The Go Service That Slowed Down Without Errors

#go #performance #goroutines

There is a popular phrasing in Go circles that says concurrency is almost free. The phrasing is true at the level of stack allocation and misleading at the level of operating a service. The cheap thing is the per-goroutine memory footprint. The expensive thing is the scheduler's response to unbounded fan-out, leaked workers, and undeclared blocking — and none of those failure modes throw an error.

The shape of the failure is recognizable once you have seen it. Latency on a healthy endpoint creeps from 50 ms to 200 ms to 800 ms over the course of an afternoon. CPU climbs from 30% to 95%. The error count stays at zero. Nothing is wrong; nothing is right. The service is alive in the sense that the request handler returns. It is dead in the sense that nobody can use it.

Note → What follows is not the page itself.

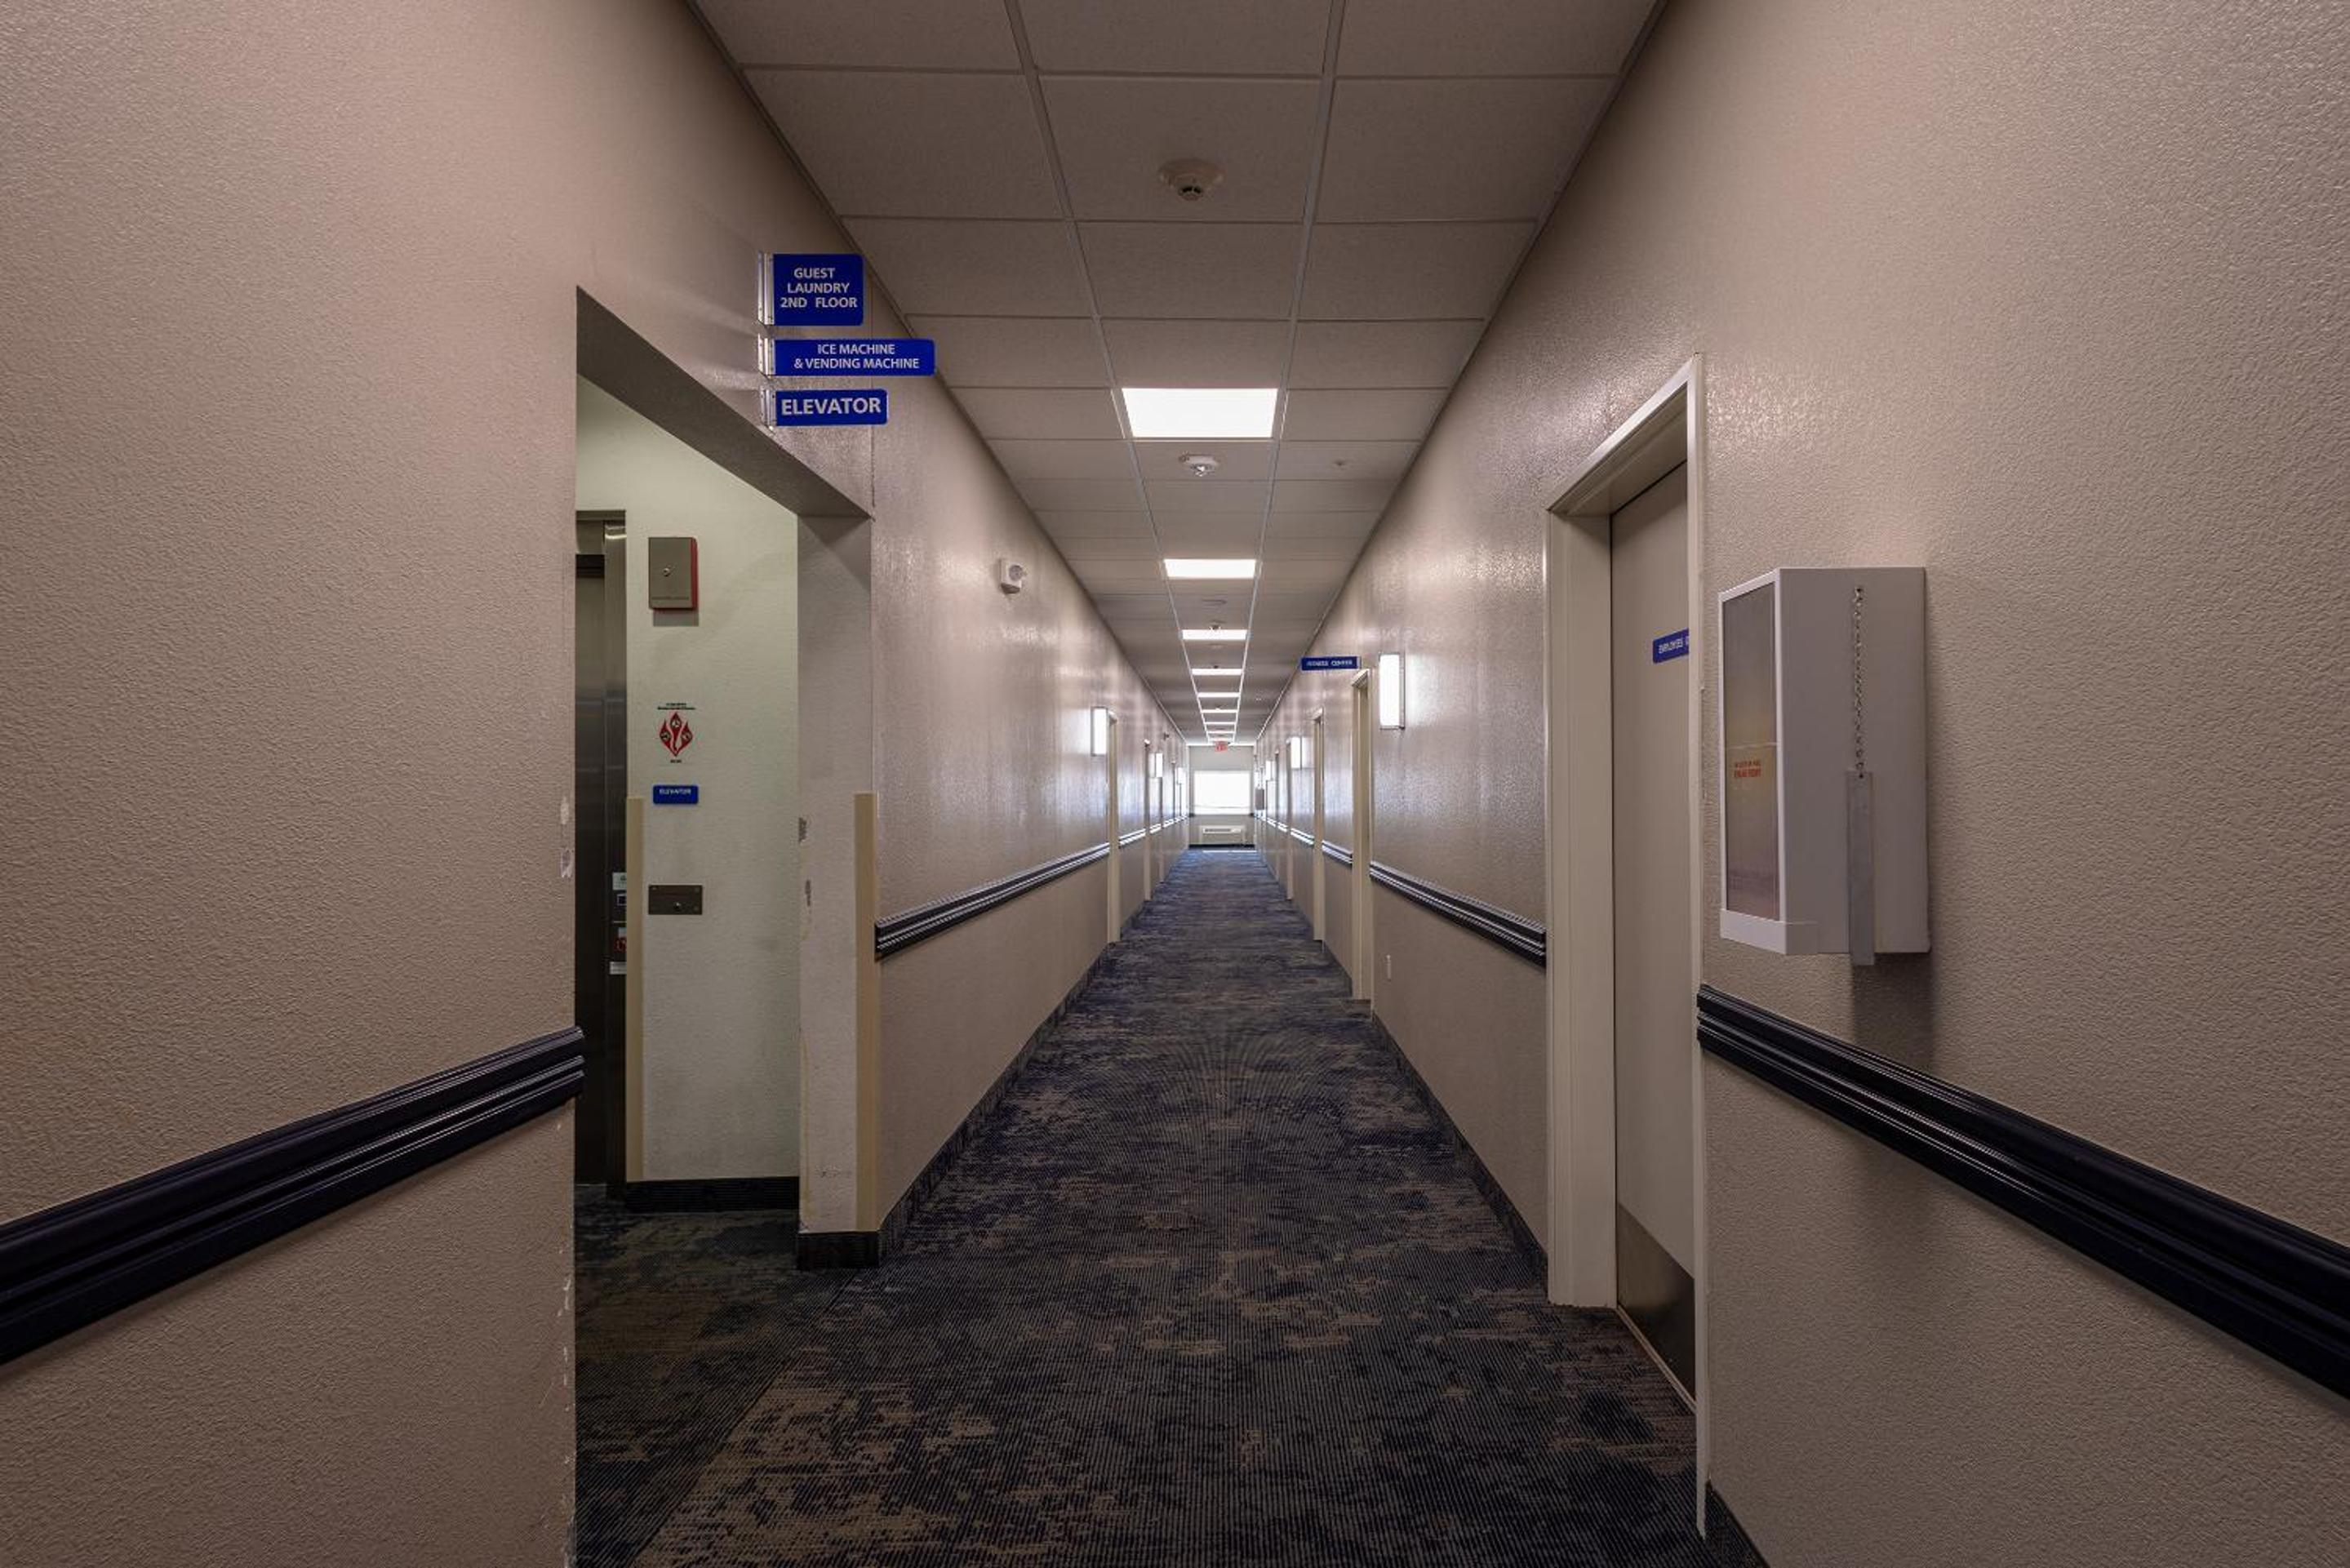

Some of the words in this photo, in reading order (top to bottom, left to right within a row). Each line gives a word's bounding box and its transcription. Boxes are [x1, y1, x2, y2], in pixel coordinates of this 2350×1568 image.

This piece is an argument that the performance question for a Go service is rarely "is concurrency cheap" and almost always "what bounds your concurrency, and what happens when those bounds are exceeded."

What is actually cheap

A goroutine starts with a 2 KB stack. The number is set by the stackMin constant in runtime/stack.go in the Go runtime source — specifically stackMin = 2048. A POSIX thread on Linux, by contrast, defaults to between 2 and 8 MB of virtual address space for its stack — 2 MB is the per-architecture default on x86-64 when RLIMIT_STACK is unlimited, per the pthread_create man page; a typical shell with ulimit -s 8192 set propagates 8 MB into new threads, also per the man page. Either way, the comparison commonly cited — goroutines are three orders of magnitude cheaper than threads — is real arithmetic.

What the comparison hides is what the runtime does with the rest of the stack growth, with scheduling, and with the fact that you can now afford to spawn hundreds of thousands of these things on a single machine. The cost that scales with concurrency is not the stack. It is everything downstream.

Go's scheduler is described in Dmitry Vyukov's "Scalable Go Scheduler Design Doc" from May 2012, which became the work-stealing scheduler shipped in Go 1.1. The design has three letters worth knowing: M for the OS thread, P for the logical processor that owns a local run queue and an mcache, G for the goroutine. The runtime multiplexes many Gs across a small number of Ms, mediated by Ps. When a P's local run queue empties, it steals from another P's queue.

That model holds together under one assumption: the run queue does not fill up faster than the Ps can drain it. Every failure mode below is a different way of breaking that assumption.

Unbounded fan-out

The first failure shape is the easiest to write and the easiest to ship without noticing.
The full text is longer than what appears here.